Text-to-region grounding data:
[Start of Attachment]

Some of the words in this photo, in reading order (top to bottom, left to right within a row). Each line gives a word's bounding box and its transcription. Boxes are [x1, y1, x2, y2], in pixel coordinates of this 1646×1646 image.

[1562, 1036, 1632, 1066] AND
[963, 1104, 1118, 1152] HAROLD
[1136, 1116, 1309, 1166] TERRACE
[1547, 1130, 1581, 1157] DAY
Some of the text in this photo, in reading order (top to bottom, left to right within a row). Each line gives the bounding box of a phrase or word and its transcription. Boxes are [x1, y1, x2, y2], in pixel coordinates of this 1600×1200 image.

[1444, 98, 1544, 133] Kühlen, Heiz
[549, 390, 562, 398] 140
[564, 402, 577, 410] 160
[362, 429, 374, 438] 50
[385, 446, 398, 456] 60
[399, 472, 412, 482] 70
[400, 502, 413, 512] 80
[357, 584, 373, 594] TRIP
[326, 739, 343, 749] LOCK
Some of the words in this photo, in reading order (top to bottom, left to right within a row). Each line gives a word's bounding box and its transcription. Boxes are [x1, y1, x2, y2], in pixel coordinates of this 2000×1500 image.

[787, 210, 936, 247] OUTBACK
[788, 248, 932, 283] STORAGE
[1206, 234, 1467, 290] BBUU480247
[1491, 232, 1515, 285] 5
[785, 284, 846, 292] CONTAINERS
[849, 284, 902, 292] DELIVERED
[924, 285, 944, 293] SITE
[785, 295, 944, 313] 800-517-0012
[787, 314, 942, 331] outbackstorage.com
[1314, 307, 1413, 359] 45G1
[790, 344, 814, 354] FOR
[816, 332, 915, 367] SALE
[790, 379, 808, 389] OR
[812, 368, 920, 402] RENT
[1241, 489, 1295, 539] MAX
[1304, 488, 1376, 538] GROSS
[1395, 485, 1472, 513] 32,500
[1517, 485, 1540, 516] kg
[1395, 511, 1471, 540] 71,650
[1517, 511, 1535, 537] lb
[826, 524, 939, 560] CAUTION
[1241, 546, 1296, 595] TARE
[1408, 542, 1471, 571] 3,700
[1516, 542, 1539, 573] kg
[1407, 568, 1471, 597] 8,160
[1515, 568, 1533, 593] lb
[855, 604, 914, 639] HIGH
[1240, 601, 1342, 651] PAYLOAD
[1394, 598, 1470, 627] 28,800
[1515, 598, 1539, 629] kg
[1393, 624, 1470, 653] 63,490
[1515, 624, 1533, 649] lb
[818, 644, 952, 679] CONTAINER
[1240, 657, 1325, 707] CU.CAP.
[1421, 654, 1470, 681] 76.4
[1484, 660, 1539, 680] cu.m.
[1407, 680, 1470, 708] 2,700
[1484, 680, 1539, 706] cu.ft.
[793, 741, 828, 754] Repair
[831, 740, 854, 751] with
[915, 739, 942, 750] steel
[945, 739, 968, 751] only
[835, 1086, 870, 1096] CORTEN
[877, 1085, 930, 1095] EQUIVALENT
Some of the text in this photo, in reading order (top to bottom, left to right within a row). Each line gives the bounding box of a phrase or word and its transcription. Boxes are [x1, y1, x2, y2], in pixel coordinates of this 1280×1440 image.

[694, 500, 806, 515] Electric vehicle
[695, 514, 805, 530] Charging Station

[End of Attachment]

--- Assigned task ---
Reproduce the records word for word.

--- Solution to this task ---
Some of the words in this photo, in reading order (top to bottom, left to right within a row). Each line gives a word's bounding box and its transcription. Boxes are [x1, y1, x2, y2], in pixel coordinates of this 1646×1646 image.

[1562, 1036, 1632, 1066] AND
[963, 1104, 1118, 1152] HAROLD
[1136, 1116, 1309, 1166] TERRACE
[1547, 1130, 1581, 1157] DAY
Some of the text in this photo, in reading order (top to bottom, left to right within a row). Each line gives the bounding box of a phrase or word and its transcription. Boxes are [x1, y1, x2, y2], in pixel coordinates of this 1600×1200 image.

[1444, 98, 1544, 133] Kühlen, Heiz
[549, 390, 562, 398] 140
[564, 402, 577, 410] 160
[362, 429, 374, 438] 50
[385, 446, 398, 456] 60
[399, 472, 412, 482] 70
[400, 502, 413, 512] 80
[357, 584, 373, 594] TRIP
[326, 739, 343, 749] LOCK
Some of the words in this photo, in reading order (top to bottom, left to right within a row). Each line gives a word's bounding box and its transcription. Boxes are [x1, y1, x2, y2], in pixel coordinates of this 2000×1500 image.

[787, 210, 936, 247] OUTBACK
[788, 248, 932, 283] STORAGE
[1206, 234, 1467, 290] BBUU480247
[1491, 232, 1515, 285] 5
[785, 284, 846, 292] CONTAINERS
[849, 284, 902, 292] DELIVERED
[924, 285, 944, 293] SITE
[785, 295, 944, 313] 800-517-0012
[787, 314, 942, 331] outbackstorage.com
[1314, 307, 1413, 359] 45G1
[790, 344, 814, 354] FOR
[816, 332, 915, 367] SALE
[790, 379, 808, 389] OR
[812, 368, 920, 402] RENT
[1241, 489, 1295, 539] MAX
[1304, 488, 1376, 538] GROSS
[1395, 485, 1472, 513] 32,500
[1517, 485, 1540, 516] kg
[1395, 511, 1471, 540] 71,650
[1517, 511, 1535, 537] lb
[826, 524, 939, 560] CAUTION
[1241, 546, 1296, 595] TARE
[1408, 542, 1471, 571] 3,700
[1516, 542, 1539, 573] kg
[1407, 568, 1471, 597] 8,160
[1515, 568, 1533, 593] lb
[855, 604, 914, 639] HIGH
[1240, 601, 1342, 651] PAYLOAD
[1394, 598, 1470, 627] 28,800
[1515, 598, 1539, 629] kg
[1393, 624, 1470, 653] 63,490
[1515, 624, 1533, 649] lb
[818, 644, 952, 679] CONTAINER
[1240, 657, 1325, 707] CU.CAP.
[1421, 654, 1470, 681] 76.4
[1484, 660, 1539, 680] cu.m.
[1407, 680, 1470, 708] 2,700
[1484, 680, 1539, 706] cu.ft.
[793, 741, 828, 754] Repair
[831, 740, 854, 751] with
[915, 739, 942, 750] steel
[945, 739, 968, 751] only
[835, 1086, 870, 1096] CORTEN
[877, 1085, 930, 1095] EQUIVALENT
Some of the text in this photo, in reading order (top to bottom, left to right within a row). Each line gives the bounding box of a phrase or word and its transcription. Boxes are [x1, y1, x2, y2], in pixel coordinates of this 1280×1440 image.

[694, 500, 806, 515] Electric vehicle
[695, 514, 805, 530] Charging Station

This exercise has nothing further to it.